I wanted to share with you an exclusive excerpt of my book, “Journey to Malachi”. At this point I am an adolescent who is still confused about the sexual abuse I had encountered previously. My abuser, Mark has moved on to another victim and I discover that I may not be his only victim. Read below to see what happens and how I deal with the discovery:
More kids moved onto the block and I began making
new friends. Life was moving on and I had put everything
concerning the matter behind me. Well as much as you
can move on from such an issue without dealing with it.
Then one day a game of ‘Truth or Dare’ went terribly
wrong. There was a kid who lived on the block who
started dealing with Mark shortly after I stopped. I would
see him going in and out of the apartment, but he was
older than me. Although it was uncomfortable and a bit
disturbing to watch, I figured he would be alright. After
all I had been lead to believe that the abuse didn’t just
happen to me, but rather something in which I was an
active participant. It wasn’t like I thought Mark was just
running around doing this “wrong” to people. He picked
me because we were both gay. Right? As several of us
were playing ‘Truth or Dare’ somehow this kid slipped
up and admitted that Mark had “touched” him. The children
went into uproar. Sadly, I had asked him if anything
strange ever happened over there; and strangely he
admitted that it did! My first thought was to admit what
happened to me as well, but after I saw everyone’s reaction
I was glad I didn’t. Deep down, I felt bad for leaving
him out there alone, but I just couldn’t bear to deal with
it. I was excluded from everyone? At the
time it never occurred to me that the kid was in therapy
because what Mark did was wrong. We all thought it was
because something was wrong with him. This, of course,
was because of my youthful ignorance, but it added
another garment in my closet of shame.
already smaller than everyone and effeminate in
nature with a soft voice. I had enough personality traits
that associated me with that lifestyle and trying to play
hero” for him wasn’t going to help.
As life would have it, a cousin ended up telling the kids
parents what he admitted that day. I never really knew
what became of him. Suddenly I just remember that he
was hardly seen outside again and his cousin said he was
in therapy. Shortly after, Mark and his mother moved off
the block; I didn’t really understand what had taken
place; but I didn’t want it to happen to me. Who wanted
to be in therapy and be excluded from everyone? At the
time it never occurred to me that the kid was in therapy
because what Mark did was wrong. We all thought it was
because something was wrong with him. This, of course,
was because of my youthful ignorance, but it added
another garment in my closet of shame

Genre: Biographical
Publisher: Dog Ear Publishing

Blurb:

When we face turbulent times, hardships and calamity there is much solace in companionship. We all want to know that someone has been where we are and have gotten through the same difficulties we face. When I wrote Journey to Malachi, I began to visualize myself as a little boy being abused and recalled all of the feelings that flooded my heart at that time. My writing literally became a journey in my mind through my life’s darkest hours and through my writings, I became my own companion.

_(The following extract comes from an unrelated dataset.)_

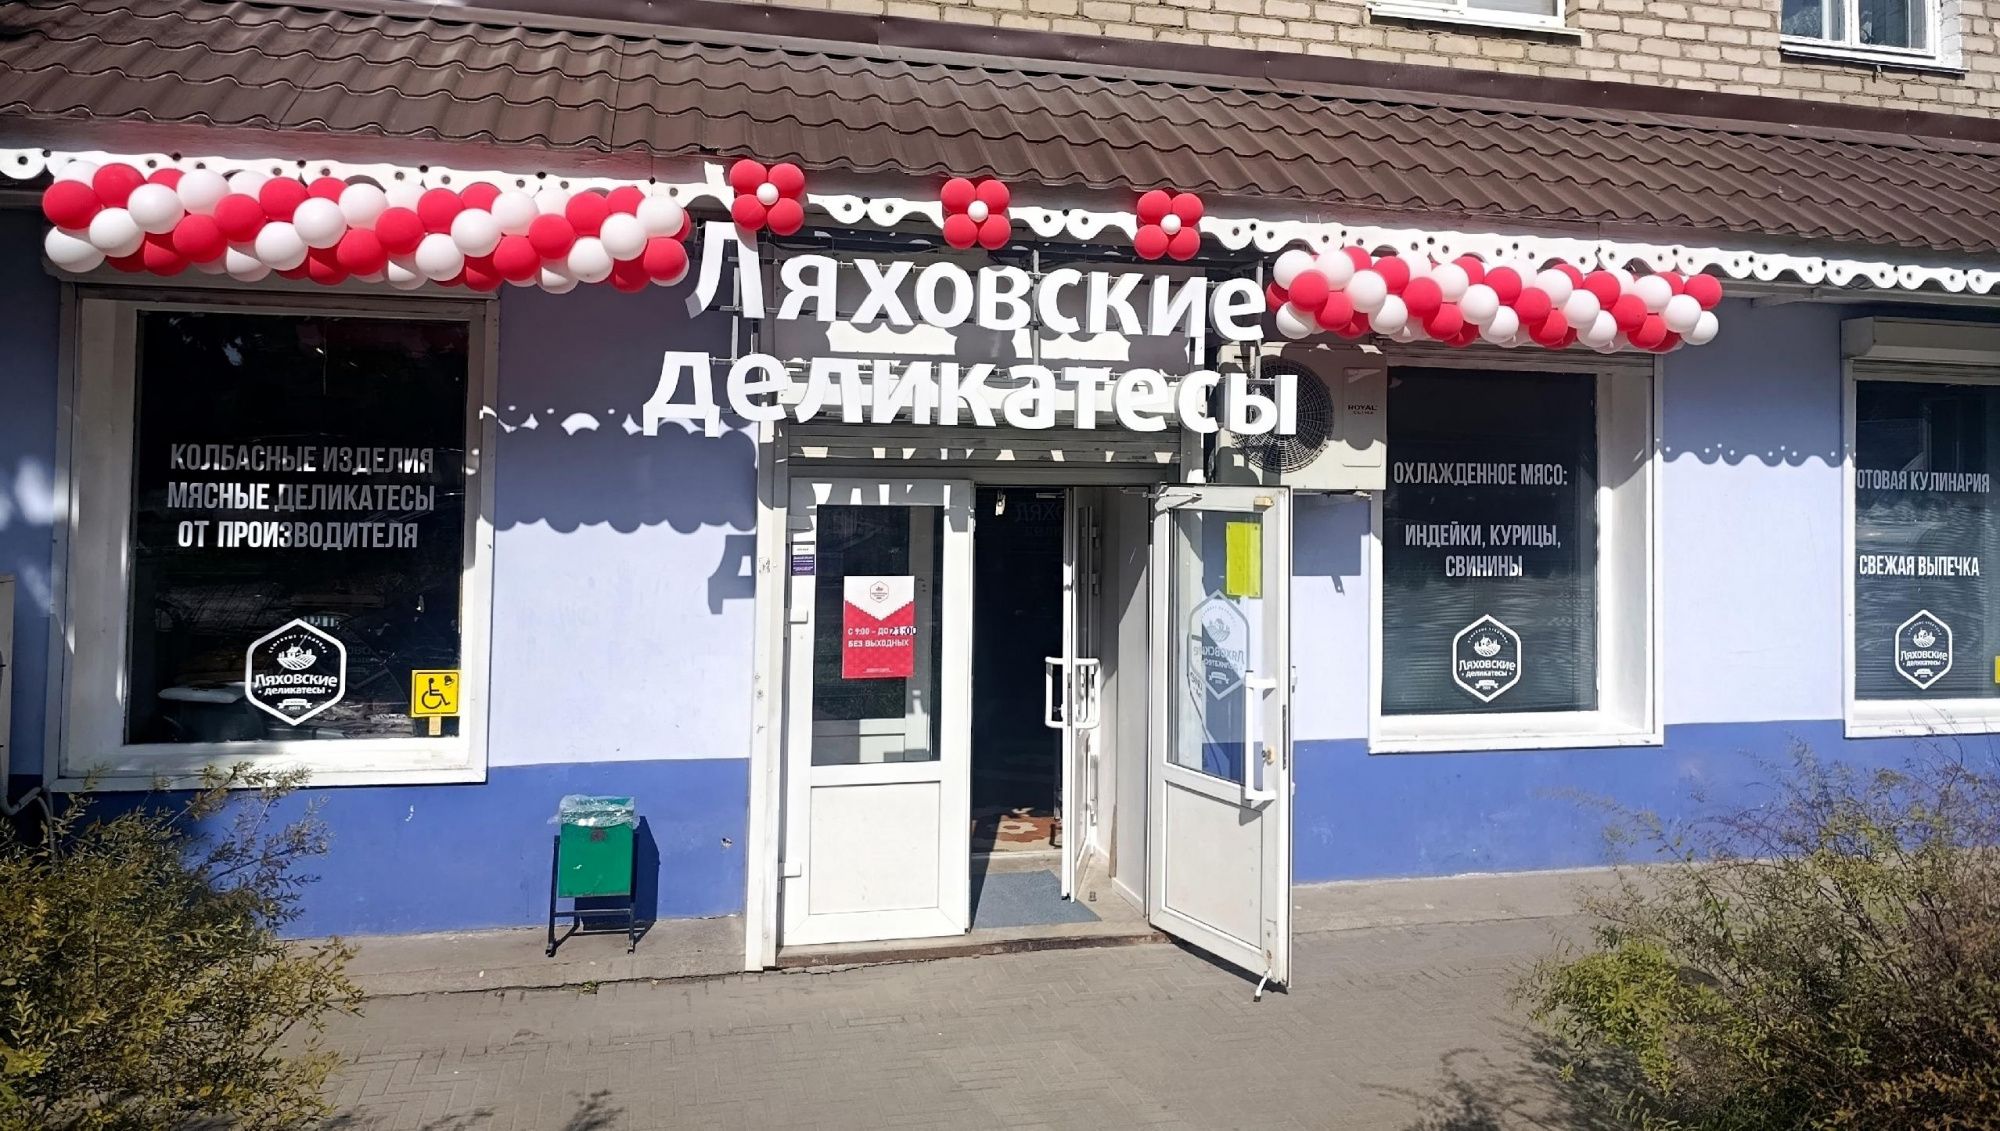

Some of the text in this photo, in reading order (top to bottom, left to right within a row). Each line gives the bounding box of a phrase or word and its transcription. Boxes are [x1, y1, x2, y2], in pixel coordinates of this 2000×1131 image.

As I wrote, I took several pauses to minister the words of hope, grace and freedom that I needed.I went deep into my inner sanctum to find the little boy who was afraid to tell his secret, who needed more than anything to be loved and accepted and wanted more than anything to be protected and valued. As the writings progressed, he grew older and how the bitterness grew inside him and birthed inner ‘demons’ of self-hatred, insecurity, un-forgiveness, hopelessness, distrust, suicide, anger, resentment and so much more. I remembered the confusion the sexual abuse caused concerning his sexual identity and the long-terms effects it had on his mental health. I recalled the embarrassment and isolation all of the deep pain that lied beneath a warm smile. He laughed and often made others laugh but inside there was a fiery hell that tormented him and yet this was only something he knew. He was so invisible in many ways and so I begin to tell his story and share the shameful secrets of his reality.In the midst of the journey, I interjected to share biblical truths that would later free him (me). Even though his journey seemed to grow darker and more hopeless, I had experienced the ending and so I was encouraged to continue to write and get to the expected end.

Journey to Malachi, is my journey from becoming a powerless victim to a victorious over-comer! As a reader I invite you to share this intimate journey with me embark to discover how I became a messenger of light, liberty and love. Whether you have been through the same things that I have or simply understand hard times, I plan to grab your hand and become YOUR companion as well journey together to find the divine purpose & ultimate overcoming victory that is wrought from our utmost pains.